As Chicago continues to recover from COVID-19, the CTA is still struggling to provide reliable public transportation. Adding insult to injury, On September 14 agency president Dorval Carter Jr. failed to show up for his own City Council hearing on poor service, infuriating transit advocates and alderpersons.
In an effort to hold the CTA and Carter accountable, today 40th ward alder Andre Vasquez today introduced an ordinance requiring agency officials to meet with the Council's Committee on Transportation and Public Way on a quarterly basis to discuss service levels, operations, and security. The legislation would also require the agency president to show up to these hearings if alderpersons deem that necessary.
The ordinance goes further and states that members of City Council cannot introduce, consider, or recommend any intergovernmental agreement, legislation, or order that releases funding to the CTA in the following quarter if the president and other CTA officials do not participate in any of the scheduled hearings, unless the disbursement of funds is required by state law.
Vasquez said in a statement, "In an environment where there is now a lexicon for how unreliable our public transportation is – ghost buses and ghost trains – it’s indefensible for the President of that very same system to ‘ghost’ the City Council. Public transportation is a public good – CTA and Chicago deserve a President who is invested and at the very least shows up.”

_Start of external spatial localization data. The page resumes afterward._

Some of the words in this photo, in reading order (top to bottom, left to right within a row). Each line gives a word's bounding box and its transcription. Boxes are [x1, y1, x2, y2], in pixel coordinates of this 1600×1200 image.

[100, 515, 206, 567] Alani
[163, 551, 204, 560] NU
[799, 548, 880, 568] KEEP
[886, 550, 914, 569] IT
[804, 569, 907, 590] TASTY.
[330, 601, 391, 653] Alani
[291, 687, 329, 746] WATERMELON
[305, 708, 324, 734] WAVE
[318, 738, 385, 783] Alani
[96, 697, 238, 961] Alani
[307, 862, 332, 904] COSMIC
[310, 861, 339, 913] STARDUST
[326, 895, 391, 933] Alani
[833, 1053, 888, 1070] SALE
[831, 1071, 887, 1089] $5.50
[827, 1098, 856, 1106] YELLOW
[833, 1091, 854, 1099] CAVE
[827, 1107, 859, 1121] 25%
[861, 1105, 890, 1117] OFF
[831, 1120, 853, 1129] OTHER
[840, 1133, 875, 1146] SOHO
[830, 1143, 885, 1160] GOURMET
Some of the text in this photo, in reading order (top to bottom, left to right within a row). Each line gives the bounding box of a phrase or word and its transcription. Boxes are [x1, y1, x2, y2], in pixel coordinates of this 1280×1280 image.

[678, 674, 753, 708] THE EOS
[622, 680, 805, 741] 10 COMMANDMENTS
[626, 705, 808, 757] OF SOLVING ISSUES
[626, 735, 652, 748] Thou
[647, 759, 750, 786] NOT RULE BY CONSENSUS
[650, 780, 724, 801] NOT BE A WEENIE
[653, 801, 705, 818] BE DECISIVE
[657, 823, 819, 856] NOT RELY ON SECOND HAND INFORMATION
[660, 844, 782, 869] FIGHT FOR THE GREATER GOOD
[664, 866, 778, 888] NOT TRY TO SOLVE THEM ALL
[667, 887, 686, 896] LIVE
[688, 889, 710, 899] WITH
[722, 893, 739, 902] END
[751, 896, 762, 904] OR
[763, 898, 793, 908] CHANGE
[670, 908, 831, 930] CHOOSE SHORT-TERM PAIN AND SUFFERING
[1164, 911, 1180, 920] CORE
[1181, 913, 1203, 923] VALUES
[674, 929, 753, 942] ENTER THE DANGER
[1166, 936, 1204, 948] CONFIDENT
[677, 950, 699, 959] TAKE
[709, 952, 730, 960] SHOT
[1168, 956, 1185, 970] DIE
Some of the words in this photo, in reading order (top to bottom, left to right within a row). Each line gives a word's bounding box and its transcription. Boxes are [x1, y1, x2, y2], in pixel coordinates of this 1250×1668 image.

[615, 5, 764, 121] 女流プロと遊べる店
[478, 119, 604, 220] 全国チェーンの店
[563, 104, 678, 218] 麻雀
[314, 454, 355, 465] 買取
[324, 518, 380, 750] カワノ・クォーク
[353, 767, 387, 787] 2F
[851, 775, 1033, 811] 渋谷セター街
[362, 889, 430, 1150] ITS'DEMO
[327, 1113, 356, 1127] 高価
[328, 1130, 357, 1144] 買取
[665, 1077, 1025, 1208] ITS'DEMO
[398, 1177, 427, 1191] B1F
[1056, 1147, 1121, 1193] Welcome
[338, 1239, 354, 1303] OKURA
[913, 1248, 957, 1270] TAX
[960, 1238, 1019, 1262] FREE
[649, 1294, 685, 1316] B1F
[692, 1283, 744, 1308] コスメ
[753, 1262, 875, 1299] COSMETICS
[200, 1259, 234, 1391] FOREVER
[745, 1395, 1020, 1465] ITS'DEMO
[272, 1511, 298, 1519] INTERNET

The ordinance is currently sponsored by a number of alders: Ald. Hopkins (2nd), Dowell (3rd), King (4th), Garza (10th), Cardenas (12th), Quinn (13th), O’Shea (19th), Taylor (20th),Rodriguez (22nd), Scott (24th), Sigcho Lopez (25th), Reboyras (30th), Cardona (31st), Rodriguez-Sanchez (33rd), Villegas (36th), Mitts (37th), Sposato (38th), Nugent (39th), Napolitano (41st), Reilly (42nd), Knudsen (43rd), Tunney (44th), Martin (47th), Osterman (48th), Hadden (49th), and Silverstein (50th).